● **PROVIDED INFORMATION**:
•••

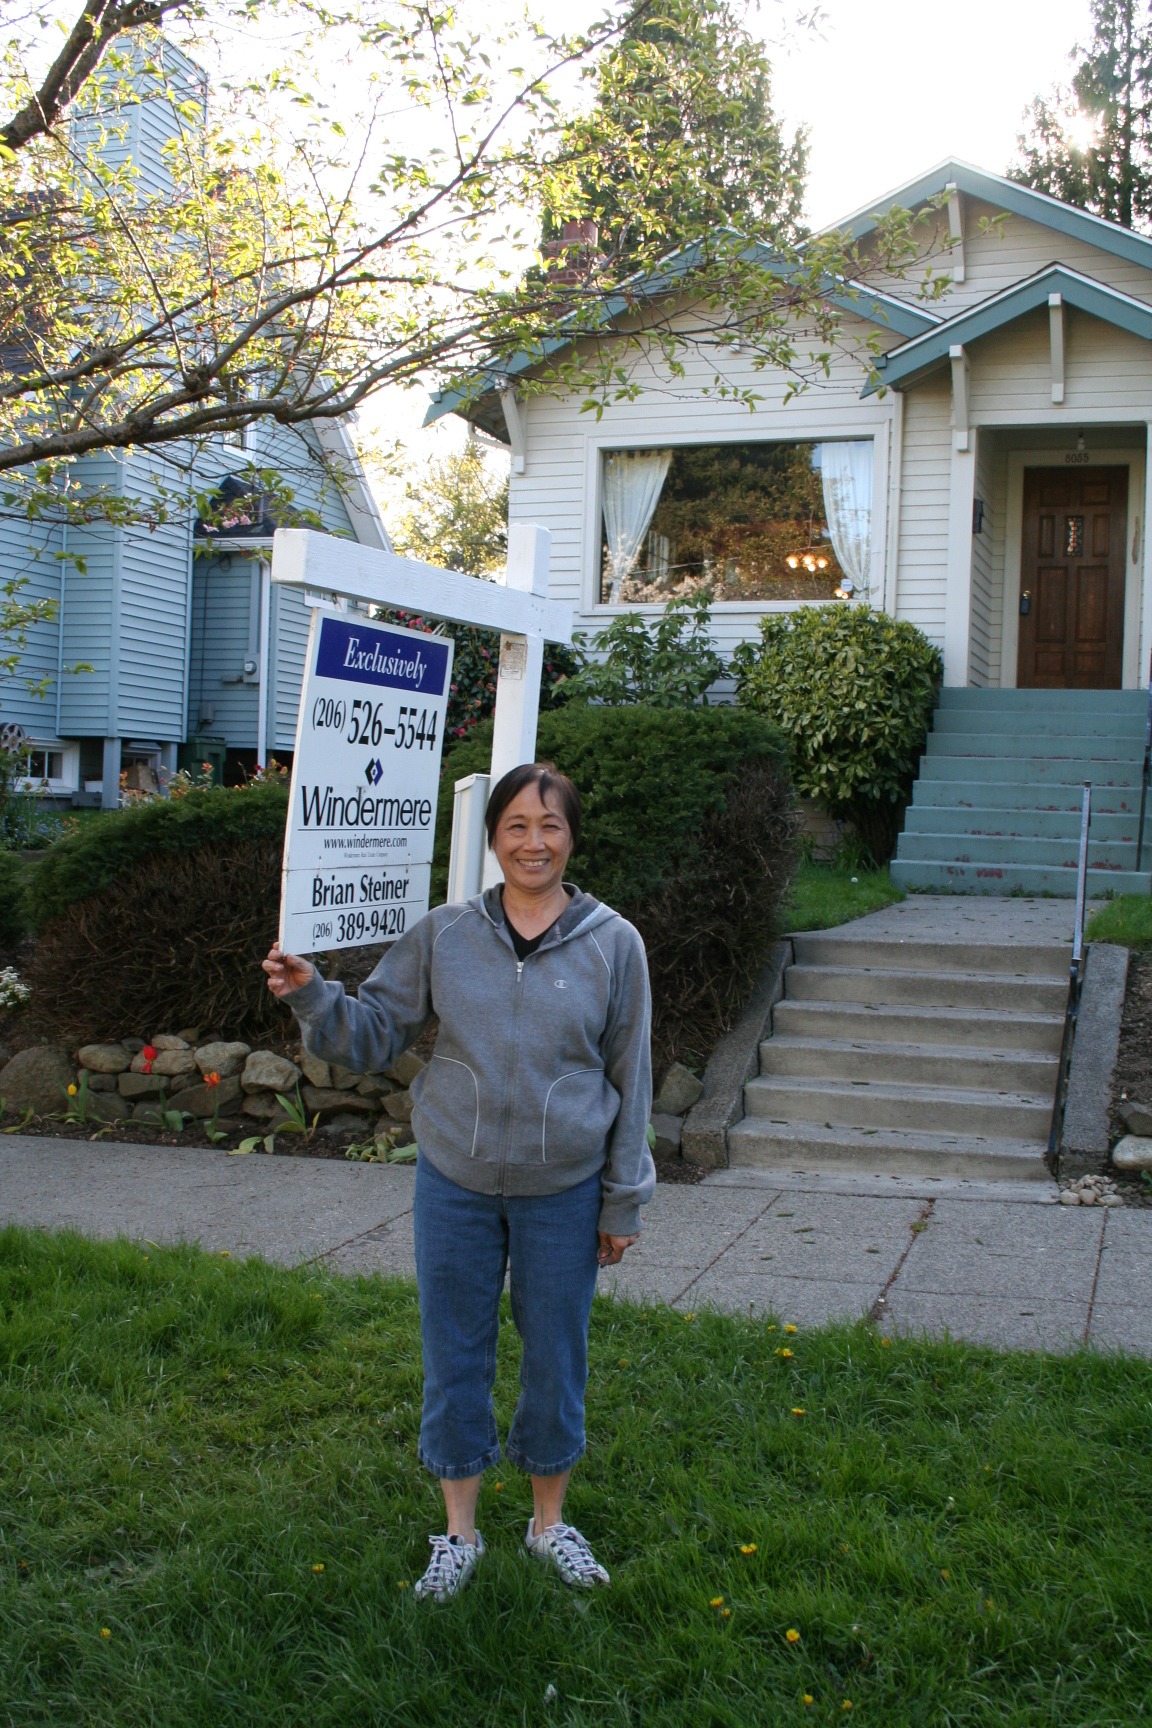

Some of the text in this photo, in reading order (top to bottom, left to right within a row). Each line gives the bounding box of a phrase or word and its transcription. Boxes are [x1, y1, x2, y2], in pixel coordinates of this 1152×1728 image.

[343, 637, 427, 688] Exclusively
[312, 697, 438, 751] (206) 526-5544
[301, 785, 432, 827] Windermere
[324, 834, 408, 849] www.windermere.com
[312, 871, 410, 907] Brian Steiner
[312, 907, 405, 942] (206) 389-9420

•••

● **WORK TO BE COMPLETED**:
Every entry belongs in the answer exactly as written, but no picture does.

● **OUTPUT**:
Some of the text in this photo, in reading order (top to bottom, left to right within a row). Each line gives the bounding box of a phrase or word and its transcription. Boxes are [x1, y1, x2, y2], in pixel coordinates of this 1152×1728 image.

[343, 637, 427, 688] Exclusively
[312, 697, 438, 751] (206) 526-5544
[301, 785, 432, 827] Windermere
[324, 834, 408, 849] www.windermere.com
[312, 871, 410, 907] Brian Steiner
[312, 907, 405, 942] (206) 389-9420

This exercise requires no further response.